Not long after he met Jackie, his first wife, she became ill, and White cared for her through the mastectomies and reconstruction, chemotherapy and radiation, and attempted bone marrow transplant. When they married after several years as a couple, she was frail, walking with a cane and had less than a year to live. She was 41 when she died.

Grieving, White sought spiritual help at Sacred Heart Catholic Church in his hometown of Columbia, Missouri.

“I had gone there myself as a child for a couple of years, at my recently divorced mother’s somewhat puzzling insistence — no one in my family was Catholic, or had even been baptized,” White explained. “It was still the only church where I’d even remotely felt at home.”

Recalling going to Mass with his mother and siblings and stopping on the way home for cherry phosphates, he writes, “We were never more a family than on those Sunday mornings.”

White’s conversations with a kind nun at the parish led to his attending sessions of the Rite of Christian Initiation of Adults program, being baptized and finding “joy in the process.”

White also writes about the joy he felt on seeing the work of Vermeer, whose paintings include “Girl With a Pearl Earring,” “The Milkmaid,” “View of Delft” and “Allegory of Faith.”

The joy of both experiences was similar, he said in an email exchange with the Catholic Star Herald, newspaper of the Diocese of Camden. “It is the joy that surprises — perhaps joy always surprises — with its power. It is amazing that we have such wellsprings with us and are so unaware of them.”

But while his appreciation of art and his spiritual growth both led to joy, he comes to them differently. Paint on canvas produces an epiphany, even a physical sensation. Viewing “The Milkmaid,” he feels “a shiver all the way up and down my spine.”

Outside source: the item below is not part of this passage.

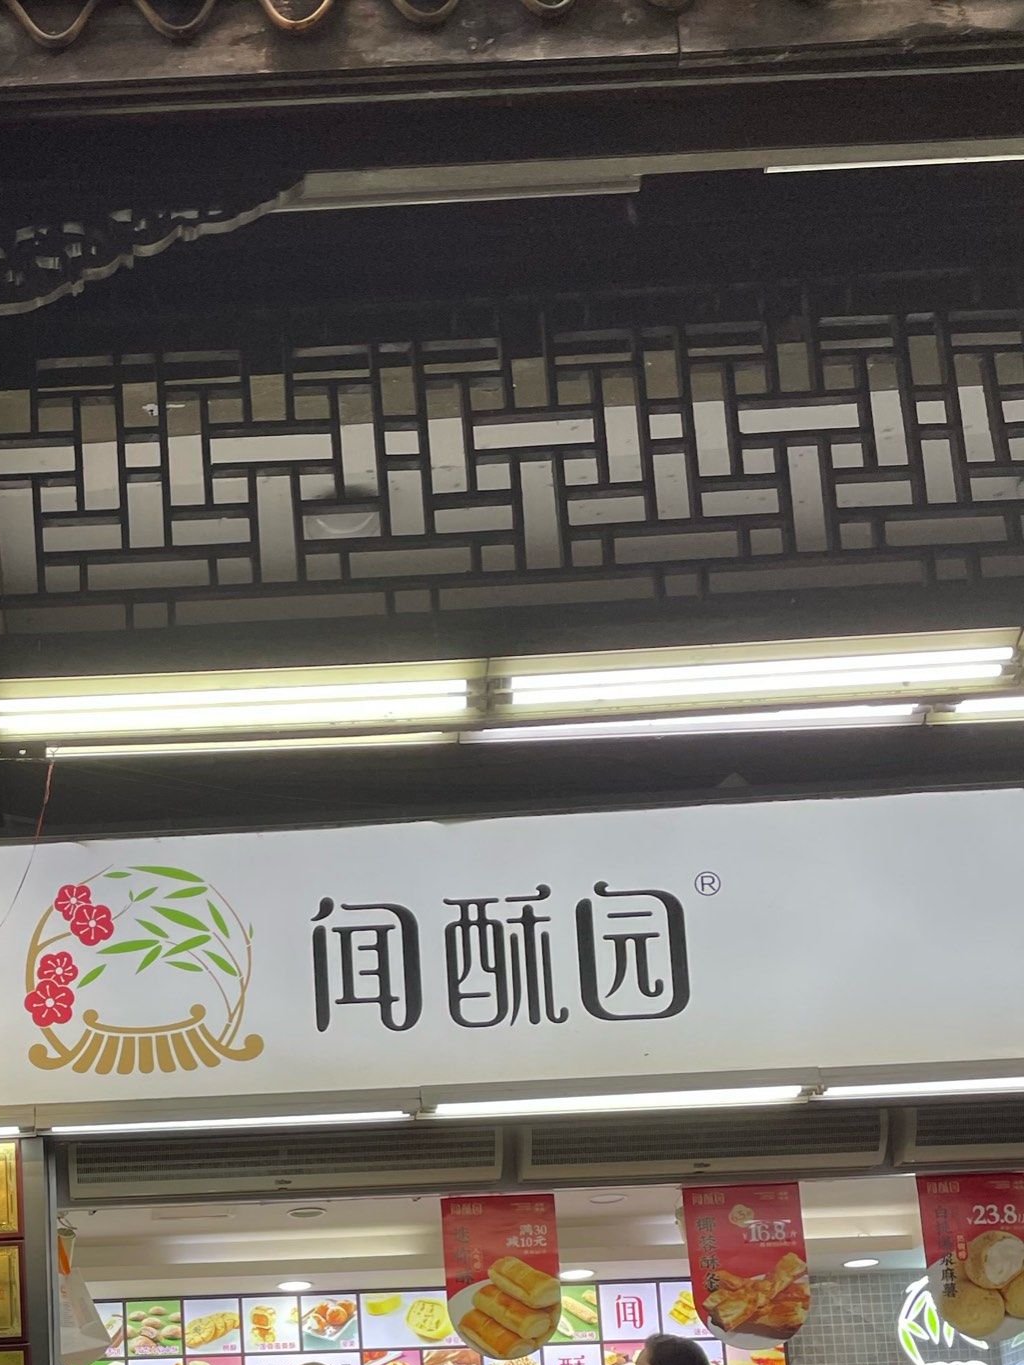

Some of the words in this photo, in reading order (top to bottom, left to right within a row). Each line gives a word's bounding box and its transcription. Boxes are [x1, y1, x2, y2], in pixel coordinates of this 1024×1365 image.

[311, 880, 690, 1032] 闻酥园
[967, 1203, 1024, 1225] ¥23.8/
[614, 1294, 645, 1330] 闻

In contrast, he describes his spiritual journey as a deliberate and gradual type of conversion experience.

“In AA (Alcoholics Anonymous) this is something that we discuss frequently; it is empowering to understand that we can change our orientation to the world by thought and especially by deed,” he said. “Of course, we are grateful for the gift however it is received.”

White speaks frequently of gratitude. Even in discussing Jackie’s sickness and death, he says that the power of faith can lead to acceptance and “even a kind of gratitude in response to suffering.”

Connecting gratitude and suffering may sound contradictory but White, a poet, expects no less from a life of faith. He said he was attracted to Catholicism for several reasons, including the example of Catholic activists he has known and its rich history and cross-cultural appeal. But, he added, “I think ultimately choice of faith isn’t a thought process but a deeper calling.”

And of the childhood church where he sought spiritual comfort and understanding as a man, after years of emotional hardship and sickness and the loss of his wife?

“I still regard that little church with reverence and wonder,” he said. “Often, when I am back in Columbia, I go to Mass there, and sometimes just go in and sit quietly.”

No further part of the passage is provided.